Nous avons vu avec Albert Dichy que la pluridisciplinarité et l’interdisciplinarité ont été déterminantes dans la genèse et le développement de l’IMEC. Fondé en 1988, l’IMEC a été à la fois un fruit et un acteur du regain d’intérêt que la France a connu à cette époque pour l’histoire éditoriale et l’archive littéraire. En évitant de cloisonner les champs de production du savoir, l’IMEC s’est en fait constitué comme une structure associative d’éditeurs et d’auteurs. Une telle synergie visait à restituer le tissu culturel contemporain, à rapprocher l’archive de la création en valorisant les connexions entre tous les domaines. Même les nouvelles acquisitions ont été dès lors guidées par les relations tissées entre différents fonds.

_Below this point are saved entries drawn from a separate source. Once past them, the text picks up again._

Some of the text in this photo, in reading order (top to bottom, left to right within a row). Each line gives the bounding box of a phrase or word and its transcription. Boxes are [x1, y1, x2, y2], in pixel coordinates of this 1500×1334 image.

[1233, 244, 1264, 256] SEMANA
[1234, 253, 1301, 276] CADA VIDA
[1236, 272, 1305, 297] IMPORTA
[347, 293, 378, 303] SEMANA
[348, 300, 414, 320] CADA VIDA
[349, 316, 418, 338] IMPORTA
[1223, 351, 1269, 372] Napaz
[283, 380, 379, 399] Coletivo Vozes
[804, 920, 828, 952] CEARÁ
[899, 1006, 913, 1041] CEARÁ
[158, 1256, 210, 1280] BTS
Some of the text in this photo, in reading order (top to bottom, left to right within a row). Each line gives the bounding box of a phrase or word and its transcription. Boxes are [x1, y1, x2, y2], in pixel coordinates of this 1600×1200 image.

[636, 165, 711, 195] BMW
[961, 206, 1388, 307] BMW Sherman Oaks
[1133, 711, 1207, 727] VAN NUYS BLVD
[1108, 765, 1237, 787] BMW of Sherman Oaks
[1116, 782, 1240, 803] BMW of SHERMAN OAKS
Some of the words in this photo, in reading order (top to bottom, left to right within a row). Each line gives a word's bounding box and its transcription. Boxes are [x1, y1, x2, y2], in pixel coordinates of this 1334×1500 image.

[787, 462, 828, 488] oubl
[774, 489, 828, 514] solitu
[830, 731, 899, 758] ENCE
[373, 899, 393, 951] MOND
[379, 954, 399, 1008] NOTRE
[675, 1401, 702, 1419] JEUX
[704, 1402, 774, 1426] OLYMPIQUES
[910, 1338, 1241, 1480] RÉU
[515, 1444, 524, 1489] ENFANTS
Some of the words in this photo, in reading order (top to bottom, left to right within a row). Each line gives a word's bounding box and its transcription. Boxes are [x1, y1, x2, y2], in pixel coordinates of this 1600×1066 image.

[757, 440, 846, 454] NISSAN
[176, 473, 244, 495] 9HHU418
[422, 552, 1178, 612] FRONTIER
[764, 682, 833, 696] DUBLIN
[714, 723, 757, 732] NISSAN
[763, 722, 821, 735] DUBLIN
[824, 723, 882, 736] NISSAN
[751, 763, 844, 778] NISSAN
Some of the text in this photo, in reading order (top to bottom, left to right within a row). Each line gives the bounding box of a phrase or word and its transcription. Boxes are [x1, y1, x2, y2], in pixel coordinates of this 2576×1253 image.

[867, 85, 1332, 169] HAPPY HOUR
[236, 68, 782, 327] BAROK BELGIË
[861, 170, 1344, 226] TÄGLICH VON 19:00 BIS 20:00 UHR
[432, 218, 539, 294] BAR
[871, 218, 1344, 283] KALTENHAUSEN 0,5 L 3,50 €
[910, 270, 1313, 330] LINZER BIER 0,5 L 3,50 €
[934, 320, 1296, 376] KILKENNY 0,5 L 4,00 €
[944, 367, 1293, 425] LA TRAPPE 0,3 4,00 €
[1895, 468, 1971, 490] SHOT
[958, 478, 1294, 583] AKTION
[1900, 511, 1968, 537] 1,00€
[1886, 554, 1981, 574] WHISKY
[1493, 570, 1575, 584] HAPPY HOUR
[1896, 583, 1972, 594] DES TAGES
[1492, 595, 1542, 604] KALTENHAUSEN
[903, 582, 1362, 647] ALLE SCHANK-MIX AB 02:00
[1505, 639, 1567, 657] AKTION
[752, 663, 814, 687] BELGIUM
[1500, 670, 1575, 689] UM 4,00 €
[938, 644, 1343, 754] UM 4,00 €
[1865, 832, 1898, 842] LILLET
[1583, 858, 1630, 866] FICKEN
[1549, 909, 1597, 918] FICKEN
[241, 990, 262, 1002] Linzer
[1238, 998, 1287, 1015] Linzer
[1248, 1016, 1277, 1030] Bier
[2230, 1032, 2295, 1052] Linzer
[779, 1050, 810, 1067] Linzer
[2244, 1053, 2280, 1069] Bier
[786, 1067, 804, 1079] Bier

La conception multidimensionnelle et dynamique de l’archive a pris en compte également la bibliothèque d’auteur, en y incluant les traductions des oeuvres. Cette approche ne pouvait que dévoiler le fonctionnement en réseau de l’espace culturel français et francophone et son ouverture aux langues et aux cultures étrangères. La collaboration avec les éditeurs a mis en lumière d’autre part leurs relations contractuelles et épistolaires avec les écrivains et les traducteurs, et mené à la constatation que la plupart des auteurs, sous de multiples formes, ont fait l’expérience de la traduction. Les archives de traducteurs ont commencé néanmoins à être valorisées en tant que telles depuis quinze ans environ, dans l’espoir de susciter des recherches d’ordre littéraire, linguistique, génétique… Les nouveaux fonds sont donc désormais acquis en fonction aussi des attentes des chercheurs-associés, dont l’expertise peut s’avérer utile aux archivistes-bibliothécaires chargés du traitement de ces fonds.

Marjorie Delabarre, pour sa part, en décrivant les tâches quotidiennes des archivistes de l’IMEC, a apporté des informations techniques sur le traitement et le classement des fonds de traducteurs, y compris pour les différents supports numériques qui font l’objet d’expériences en cours avec les méthodes « forensic ». Elle a expliqué le fonctionnement du service d’orientation à distance et les modalités de l’accueil des chercheurs à l’IMEC. En outre, elle a proposé une liste non exhaustive de pistes traductologiques à explorer dans les inventaires et les catalogues, en renvoyant avant tout les chercheurs au répertoire numérique des collections, disponible en ligne et constamment mis à jour.

Il ressort de cet entretien à deux voix que les fonds d’archives ont été traités par les concepteurs de l’IMEC comme un objet épistémologique complexe. Cet objet multidimensionnel et dynamique répond selon nous au paradigme de la complexité qu’appelait de ses voeux Edgar Morin dès les années 1970 : au contenu archivistique, qui est le produit et la mémoire de multiples interconnexions scripturaires et éditoriales, s’ajoute le contenant scientifique, l’institution qui pense l’archive dans sa dimension transdisciplinaire et qui s’auto-organise en tant que telle. Au coeur de ces multiples réseaux de relations, la traduction joue son rôle fondamental de connecteur interlinguistique et interculturel dans tous les champs du savoir.